THE TASK -> Print exactly the lines from the one containing "this 2352×1568 image." through the last line of the records below, both included, and nothing else; omit any pictures.

RECORD SET ->
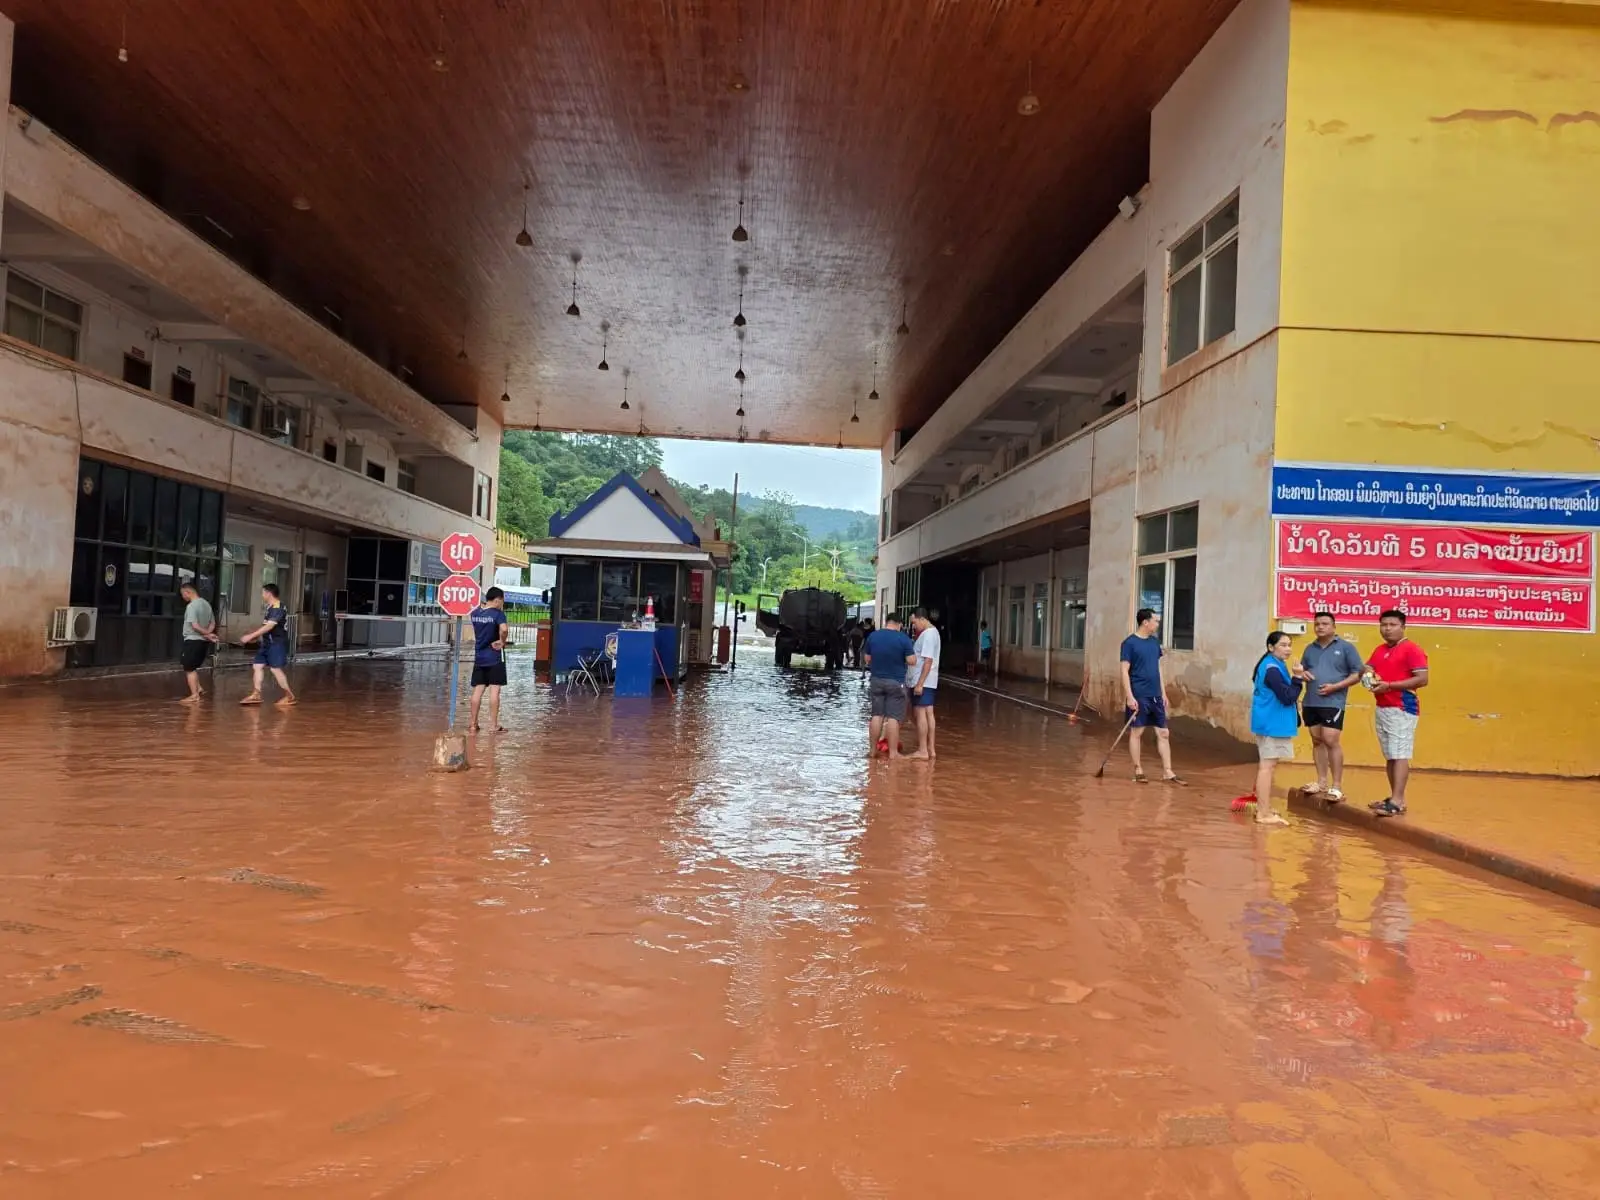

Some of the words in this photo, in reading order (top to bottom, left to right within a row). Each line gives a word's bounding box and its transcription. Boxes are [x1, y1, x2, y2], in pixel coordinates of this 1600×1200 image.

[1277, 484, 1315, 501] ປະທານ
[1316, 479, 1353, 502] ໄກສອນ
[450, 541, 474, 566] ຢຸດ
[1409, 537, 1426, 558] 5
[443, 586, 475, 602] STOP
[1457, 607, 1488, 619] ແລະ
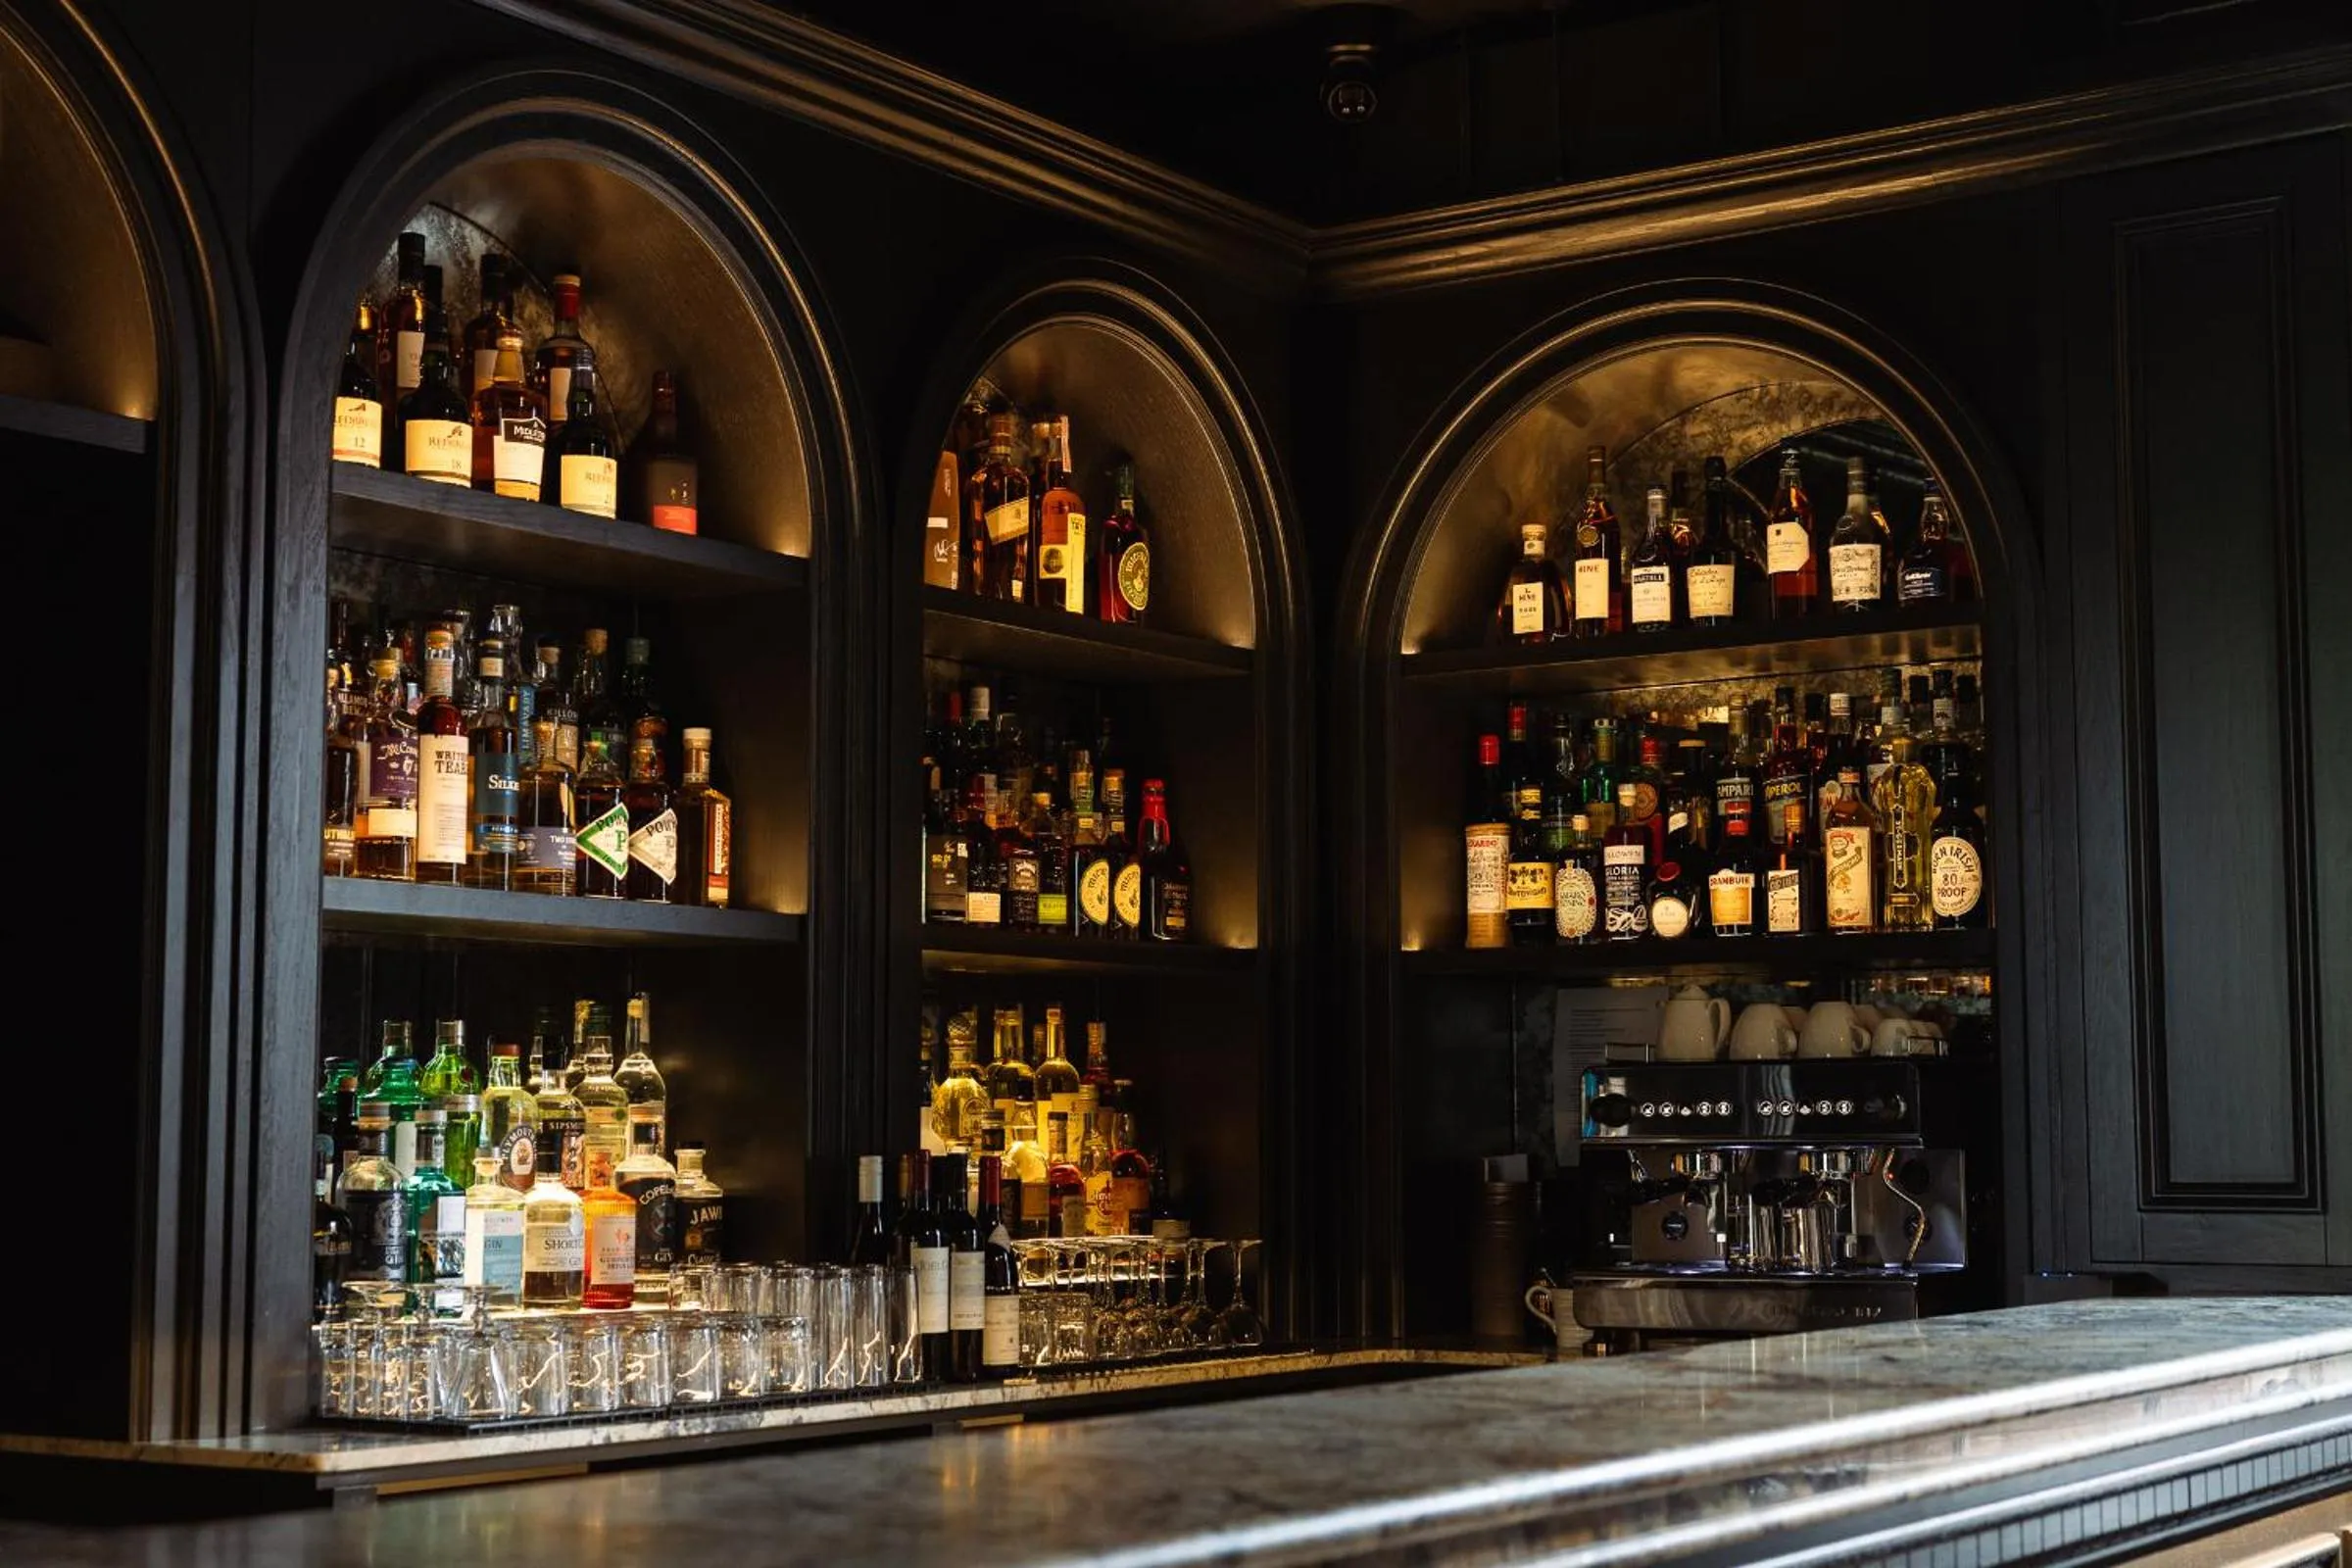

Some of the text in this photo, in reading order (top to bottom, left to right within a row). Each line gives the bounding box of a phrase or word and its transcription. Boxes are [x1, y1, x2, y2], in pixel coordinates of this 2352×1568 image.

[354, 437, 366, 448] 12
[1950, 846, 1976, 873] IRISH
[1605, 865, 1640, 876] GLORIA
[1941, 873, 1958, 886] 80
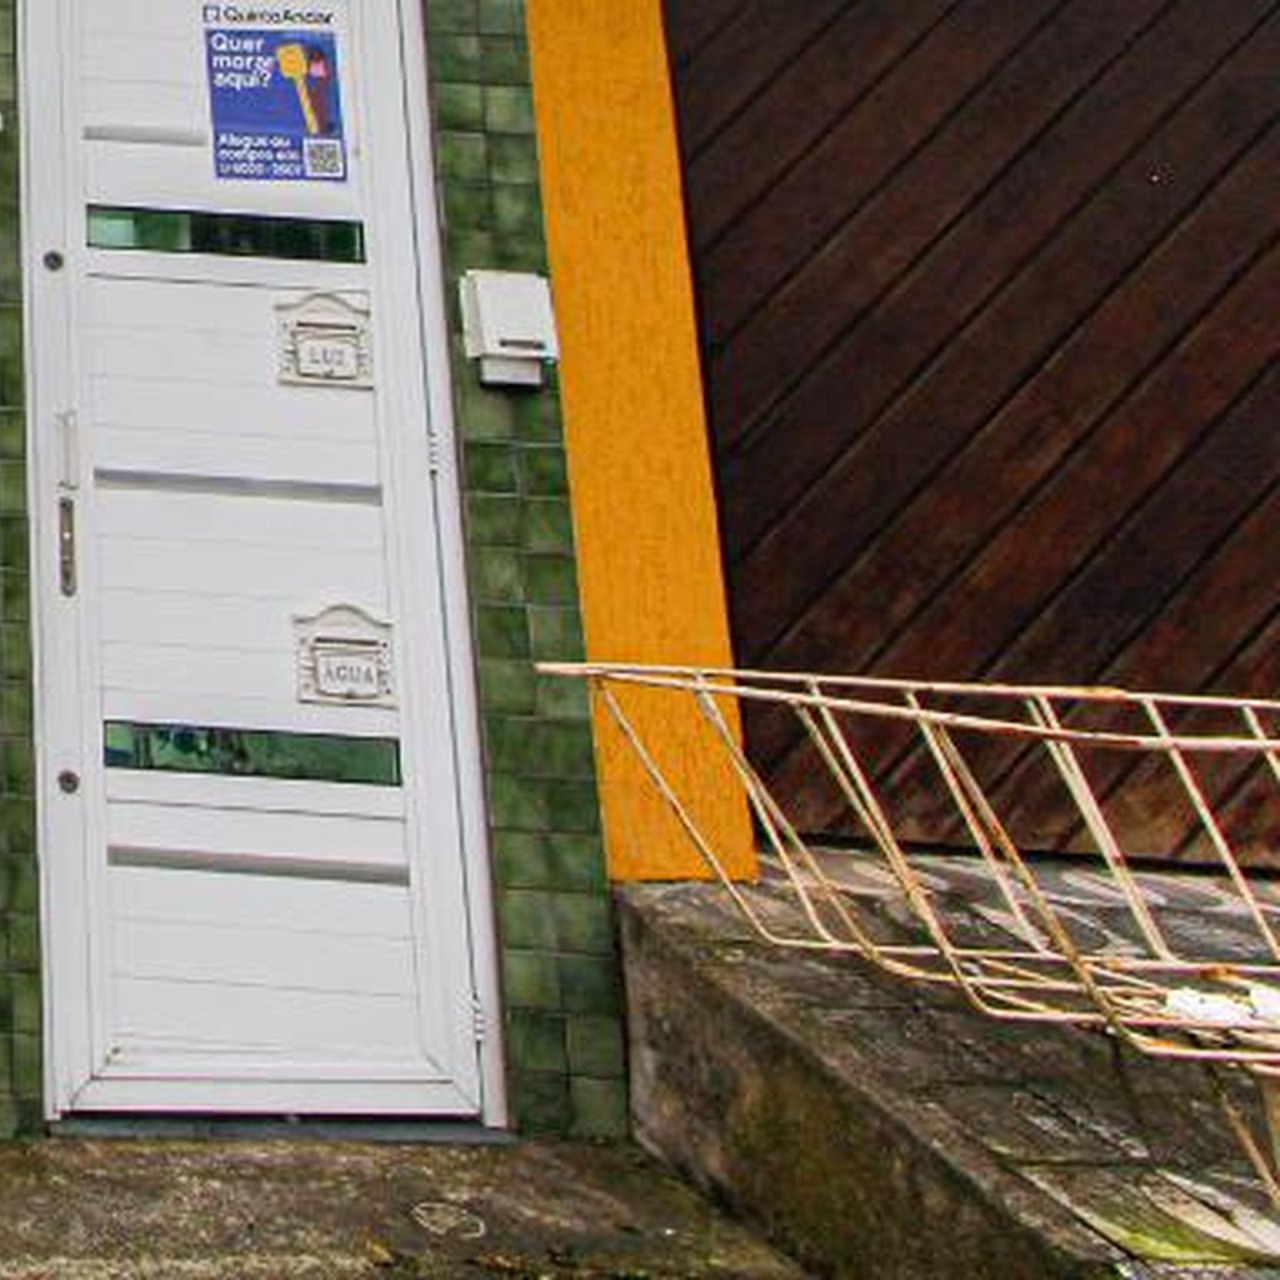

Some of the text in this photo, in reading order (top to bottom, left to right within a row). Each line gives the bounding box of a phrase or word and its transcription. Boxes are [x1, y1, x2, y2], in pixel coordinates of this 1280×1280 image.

ANSWER TO THIS PROBLEM ->
Some of the text in this photo, in reading order (top to bottom, left to right within a row). Each line gives the bounding box of a phrase or word and its transcription. Boxes are [x1, y1, x2, y2], in pixel coordinates of this 2352×1568 image.

[354, 437, 366, 448] 12
[1950, 846, 1976, 873] IRISH
[1605, 865, 1640, 876] GLORIA
[1941, 873, 1958, 886] 80

Some of the text in this photo, in reading order (top to bottom, left to right within a row). Each line gives the bounding box of a phrase or word and its transcription. Boxes are [x1, y1, x2, y2], in pixel coordinates of this 1280×1280 image.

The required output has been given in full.